Previous posts by me make it pretty clear that I am no big fan of government bailouts.
But I am a proponent of figuring out a way to avoid them ever again. That said, the economic news today should scare even the most ardent supporter of the myriad economic stimulus plans.
The national debt now exceeds $1 trillion. The public cannot lay all that debt on the current administration.
For six years, a Republican administration and congress did an admirable job of spending money the government did not have. And they inherited a surplus.
But what is done is done. Meanwhile, I learned today that for every dollar the U.S. government spends, it must borrow 46 cents.
Street lenders would smile gleefully at this rate. They use “kneecappers” to collect debt. The government’s equivalent is taxes.

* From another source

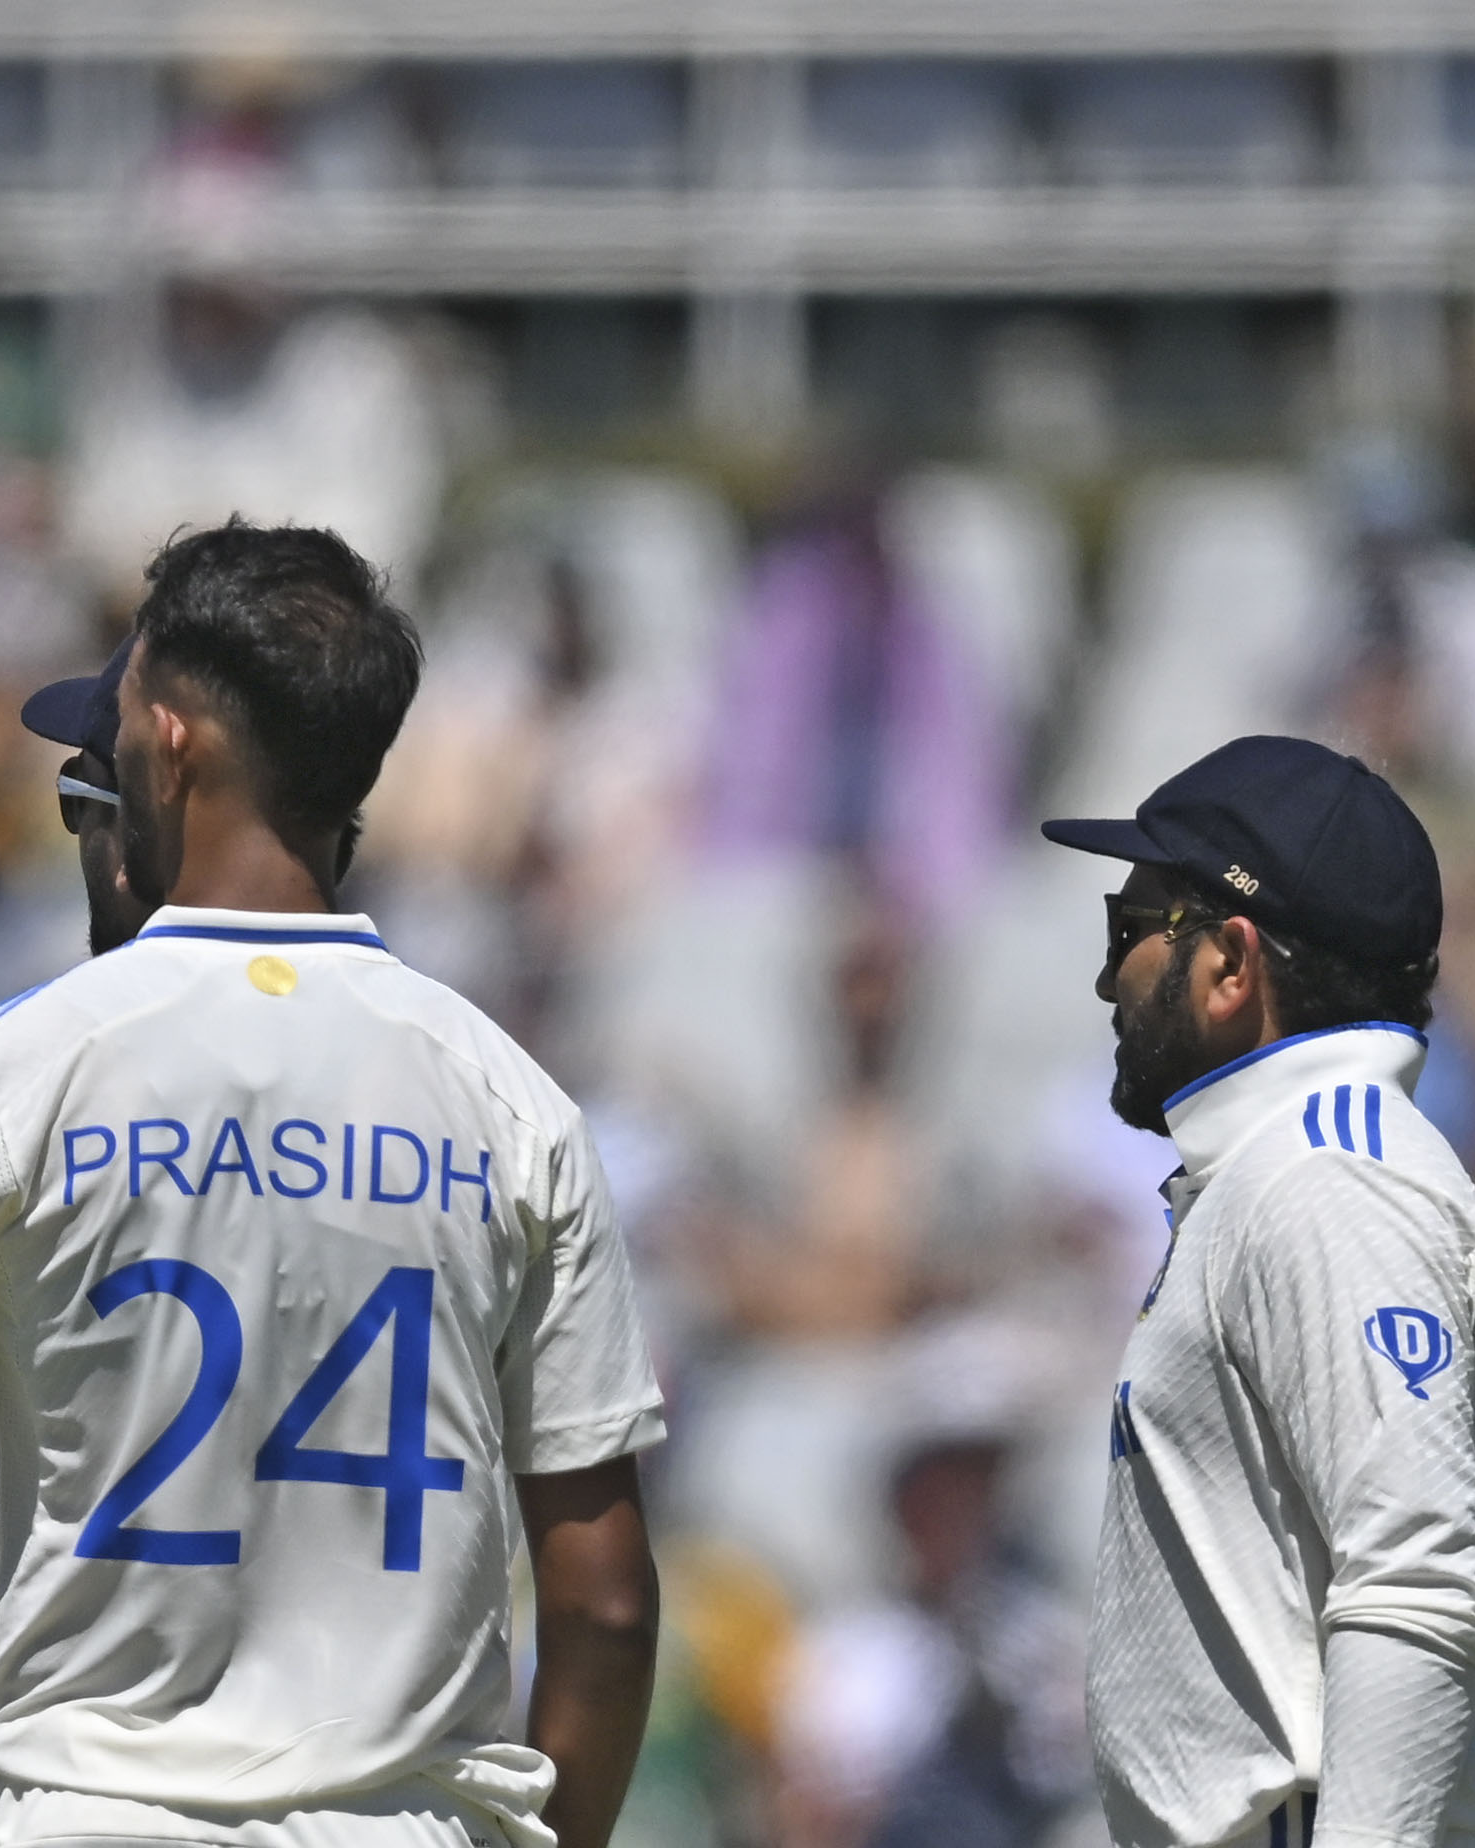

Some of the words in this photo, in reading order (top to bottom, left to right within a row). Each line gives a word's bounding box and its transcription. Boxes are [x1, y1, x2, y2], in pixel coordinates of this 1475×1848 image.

Former International Monetary Fund chief economist Simon Johnson spoke about that level of debt and what got us to the point where the government needed to step in and bail out. Johnson said that level of debt puts the U.S. in a dangerous position and he focused on the reason we landed in so much debt: huge financial institutions run amok.
Johnson made a lot of good points, but one point really stuck with me — that supporters of the repeated financial institution bailouts said those institutions were too big to be allowed to fail.

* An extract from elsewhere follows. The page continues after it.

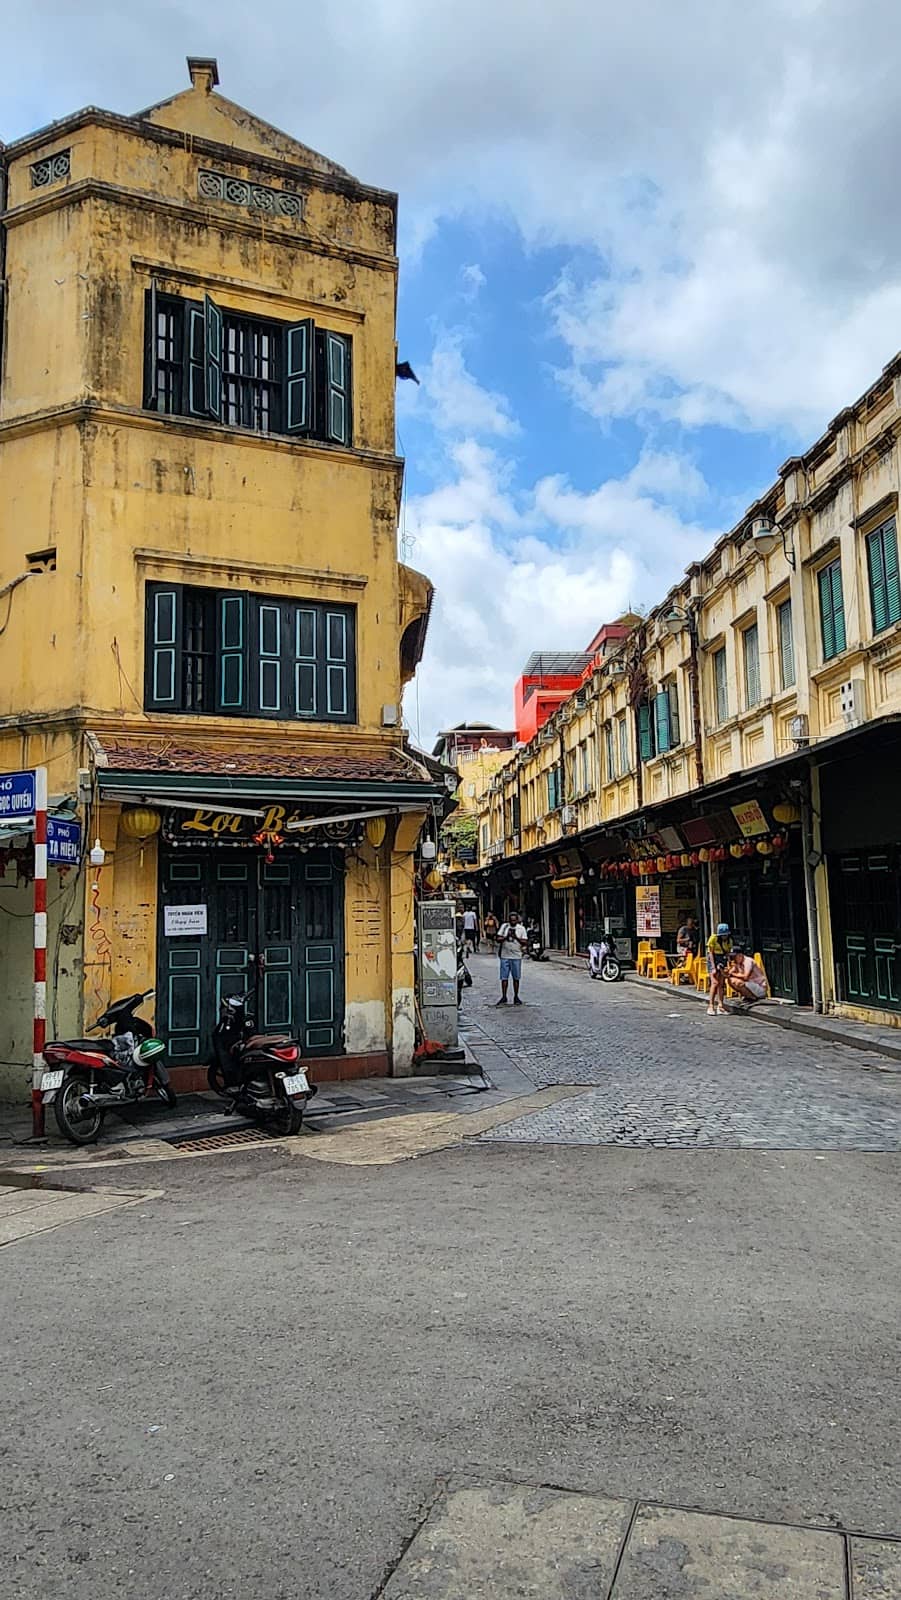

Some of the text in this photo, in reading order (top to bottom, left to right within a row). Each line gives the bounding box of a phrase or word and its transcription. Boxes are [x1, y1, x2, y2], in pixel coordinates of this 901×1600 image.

[0, 777, 13, 790] HỐ
[57, 827, 70, 837] PHỐ
[49, 839, 59, 858] TẠ

His question: If the institutions are too big to be allowed to fail, then aren’t they too big to be allowed to exist?
Equally important to how the government’s money — our money — gets used in the months ahead is what steps will be taken to prevent the same problem from happening again.
Yes, let’s keep an eye on the debt and the spending of stimulus money.
But let’s keep the other eye on how our leaders plan to avoid a sequel to this very bad movie.